Hugging Face Text Generation Inference (TGI) is a specialized deployment solution for serving Large Language Models (LLMs) in the cloud, making them accessible via an API. TGI provides optimized performance for text generation tasks through features like continuous batching, token streaming, and efficient memory management.

Text Generation Inference requires models to be compatible with its architecture-specific optimizations. While many popular LLMs are supported, not all models on Hugging Face Hub can be deployed using TGI. If you need to deploy other types of models, consider using standard Hugging Face Inference Endpoints instead.
For a complete and up-to-date list of supported models and architectures, see the Text Generation Inference supported models documentation.

Prerequisites

You will need to create an Inference Endpoint on Hugging Face and create an API token to access the endpoint. Further details can be found here. The Spring AI project defines a configuration property named spring.ai.huggingface.chat.api-key that you should set to the value of the API token obtained from Hugging Face.
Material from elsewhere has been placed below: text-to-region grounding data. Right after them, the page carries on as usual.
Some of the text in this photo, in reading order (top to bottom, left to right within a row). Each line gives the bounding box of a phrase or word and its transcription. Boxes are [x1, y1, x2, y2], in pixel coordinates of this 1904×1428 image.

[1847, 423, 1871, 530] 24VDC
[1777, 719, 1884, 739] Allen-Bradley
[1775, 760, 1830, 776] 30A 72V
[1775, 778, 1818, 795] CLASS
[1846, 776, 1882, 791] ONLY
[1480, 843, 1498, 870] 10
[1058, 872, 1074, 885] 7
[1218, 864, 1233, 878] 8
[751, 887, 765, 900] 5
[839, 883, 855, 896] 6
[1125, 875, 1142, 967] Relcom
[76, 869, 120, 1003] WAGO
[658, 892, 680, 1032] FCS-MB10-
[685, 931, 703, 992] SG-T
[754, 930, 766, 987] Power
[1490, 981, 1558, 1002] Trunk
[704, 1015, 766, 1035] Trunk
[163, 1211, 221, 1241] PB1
There is also a configuration property named spring.ai.huggingface.chat.url that you should set to the inference endpoint URL obtained when provisioning your model in Hugging Face. You can find this on the Inference Endpoint’s UI here. Exporting environment variables is one way to set these configuration properties:

export SPRING_AI_HUGGINGFACE_CHAT_API_KEY=<INSERT KEY HERE>
export SPRING_AI_HUGGINGFACE_CHAT_URL=<INSERT INFERENCE ENDPOINT URL HERE>

Add Repositories and BOM

Spring AI artifacts are published in Spring Milestone and Snapshot repositories. Refer to the Repositories section to add these repositories to your build system.
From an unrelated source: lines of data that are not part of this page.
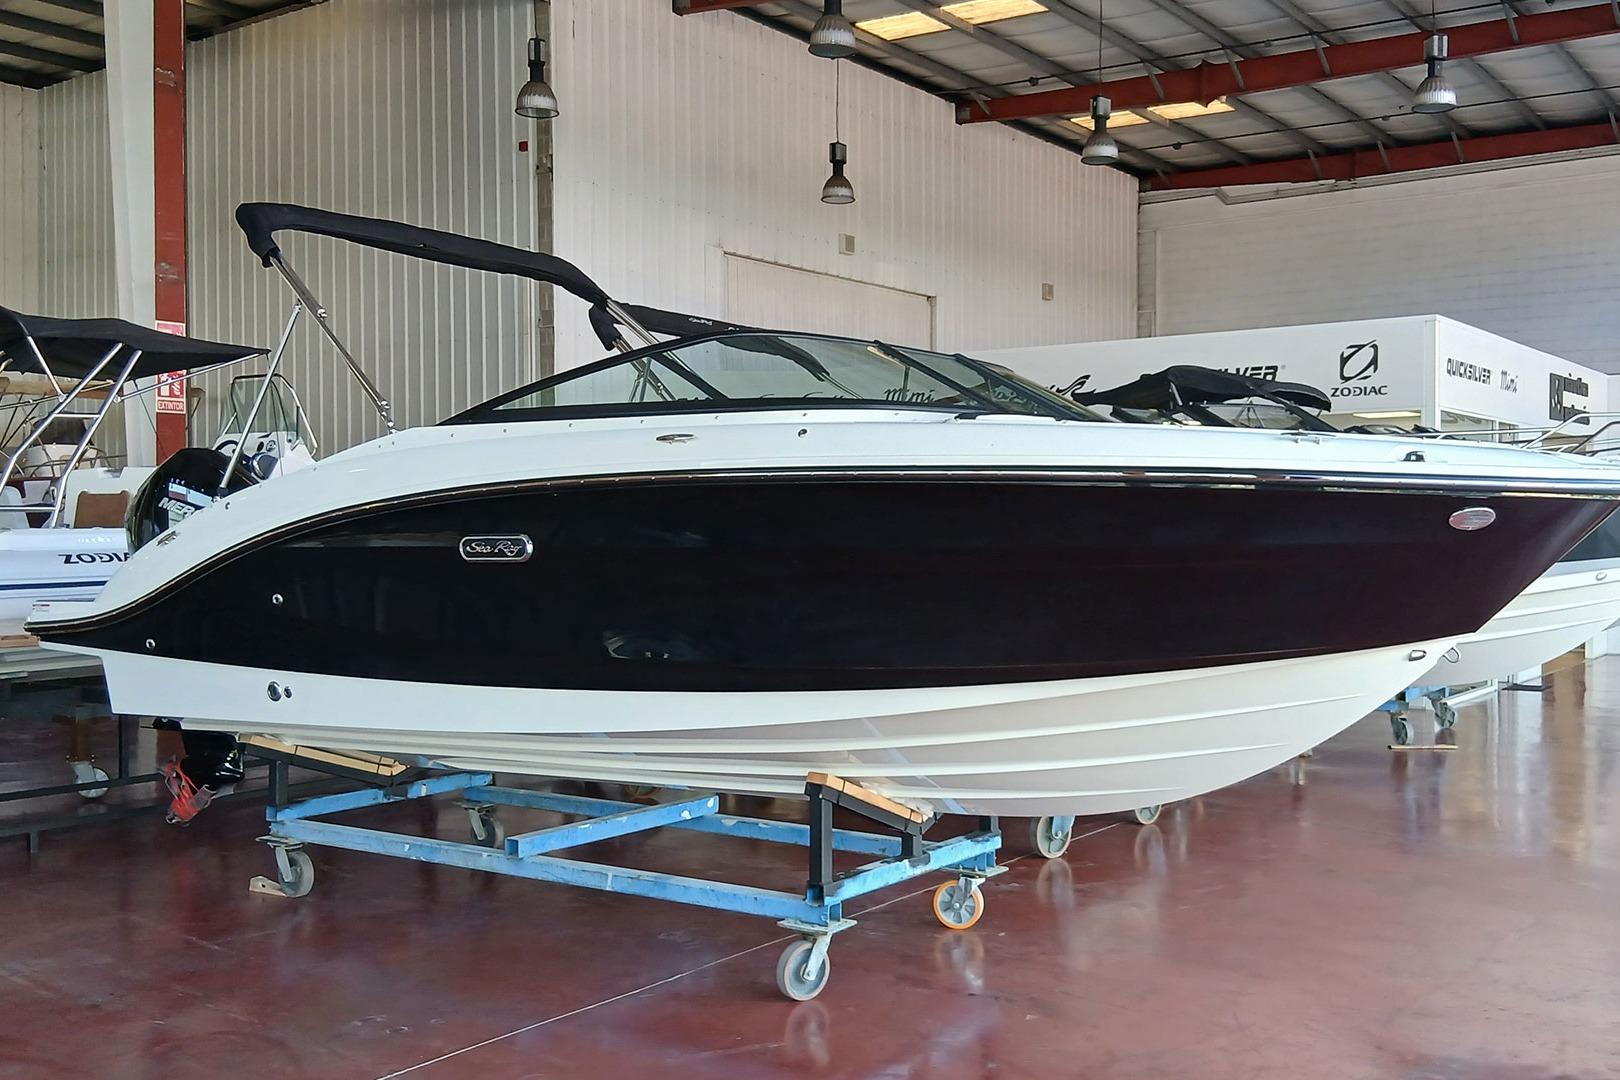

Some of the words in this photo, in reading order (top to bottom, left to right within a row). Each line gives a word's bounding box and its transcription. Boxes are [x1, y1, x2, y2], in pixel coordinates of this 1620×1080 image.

[1446, 357, 1491, 385] QUICKSILVER
[1330, 385, 1388, 398] ZODIAC
[158, 401, 184, 411] EXTINTOR
[158, 497, 196, 518] MER
[466, 541, 494, 553] Sea
[494, 540, 523, 557] Ray
[58, 552, 131, 564] ZODIA
To help with dependency management, Spring AI provides a BOM (bill of materials) to ensure that a consistent version of Spring AI is used throughout the entire project. Refer to the Dependency Management section to add the Spring AI BOM to your build system.

Auto-configuration

Spring AI provides Spring Boot auto-configuration for the Hugging Face Chat Client. To enable it add the following dependency to your project’s Maven pom.xml file:

<dependency>
    <groupId>org.springframework.ai</groupId>
    <artifactId>spring-ai-huggingface-spring-boot-starter</artifactId>
</dependency>

or to your Gradle build.gradle build file.

dependencies {
    implementation 'org.springframework.ai:spring-ai-huggingface-spring-boot-starter'
}
Refer to the Dependency Management section to add the Spring AI BOM to your build file.

Chat Properties

The prefix spring.ai.huggingface is the property prefix that lets you configure the chat model implementation for Hugging Face.

Property

Description

Default

spring.ai.huggingface.chat.api-key

API Key to authenticate with the Inference Endpoint.

-

spring.ai.huggingface.chat.url

URL of the Inference Endpoint to connect to

-

spring.ai.huggingface.chat.enabled

Enable Hugging Face chat model.

true

Sample Controller (Auto-configuration)

Create a new Spring Boot project and add the spring-ai-huggingface-spring-boot-starter to your pom (or gradle) dependencies.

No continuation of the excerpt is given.